Finalement, il est décidé que "l'absence de mention à l'ordre du jour du 9 novembre 2020 du déclenchement de la procédure de droit d'alerte n'était pas un motif d'irrégularité de la délibération du comité".

Des précédents de même nature

Par le passé, il a été jugé que le délai de trois jours, déjà prévu pour le comité d’entreprise, était édicté dans l'intérêt des membres du comité. Ainsi, le fait de ne pas l’avoir respecté pour l’envoi de la convocation ne permettait pas de remettre en cause la délibération du CE, dès lors que les membres du comité avaient tous été présents à la réunion et où qu’aucun d'entre eux n'avait formulé d'observation portée au procès-verbal (arrêt du 2 juillet 1969).

Plus récemment, il a été admis que l’ordre du jour pouvait être modifié en début de réunion par un vote unanime des membres présents (arrêt du 13 septembre 2022). Dans cette affaire, la modification adoptée à l'unanimité des membres présents en début de réunion avait permis au de CSE voter une délibération mandatant son secrétaire pour agir en justice pour délit d'entrave.

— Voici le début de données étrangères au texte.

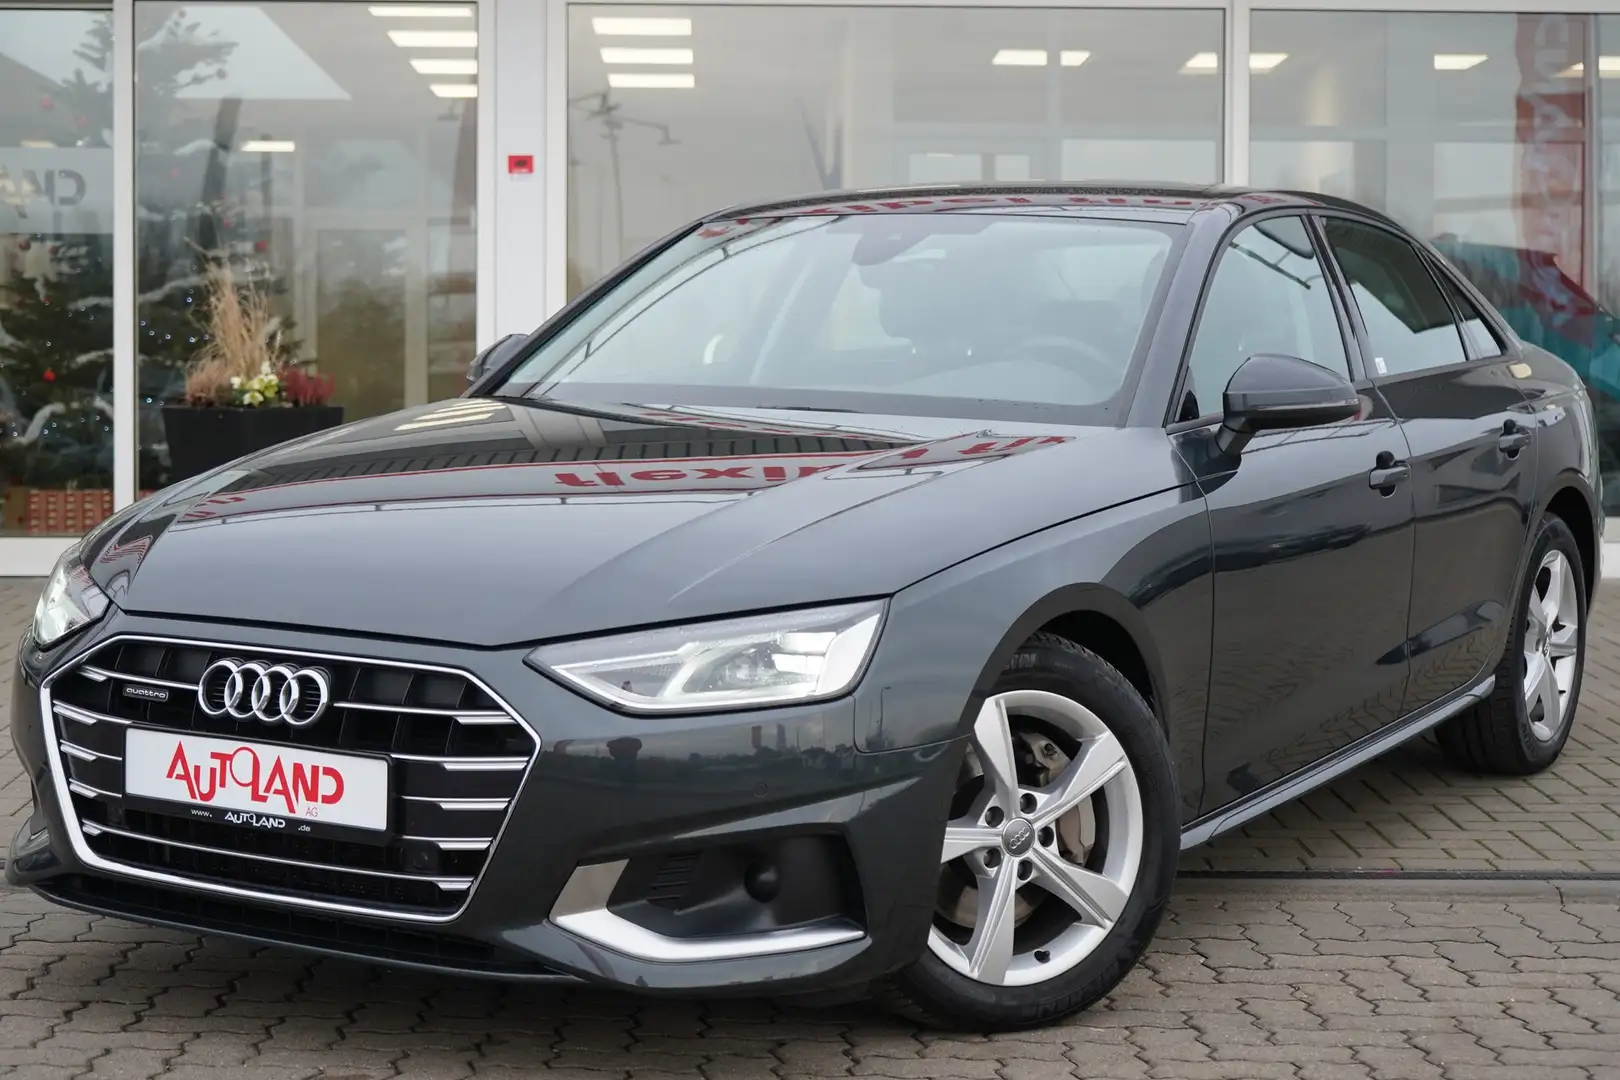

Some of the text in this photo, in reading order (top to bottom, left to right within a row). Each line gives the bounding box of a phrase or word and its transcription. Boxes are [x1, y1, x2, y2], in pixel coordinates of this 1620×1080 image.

[126, 687, 166, 699] quattro
[190, 808, 213, 818] www.
[305, 806, 318, 818] AG

L'ordre du jour est là pour lister, un à un, les points qui seront traités en plénière. S’il est établi en amont par le secrétaire et le président du CSE, et communiqué à tous avant la réunion, c’est pour permettre à chacun d’en prendre connaissance avant le jour J et d’avoir un minimum de temps pour préparer la réunion (questions à poser côté des élus, informations à fournir côté employeur, recherche d’informations, prise de contacts à l’extérieur, stratégie à définir, échanges entre les organisations syndicales, etc.). En permettant de le modifier une fois établi par le secrétaire et le président, il n’est pas certain que cet objectif puisse être toujours atteint, surtout si le point ajouté risque d’être vivement débattu avec l’employeur et/ou entre les organisations syndicales. L'autre possibilité pour le CSE souhaitant aborder un sujet avec l'employeur consiste à demander une réunion extraordinaire.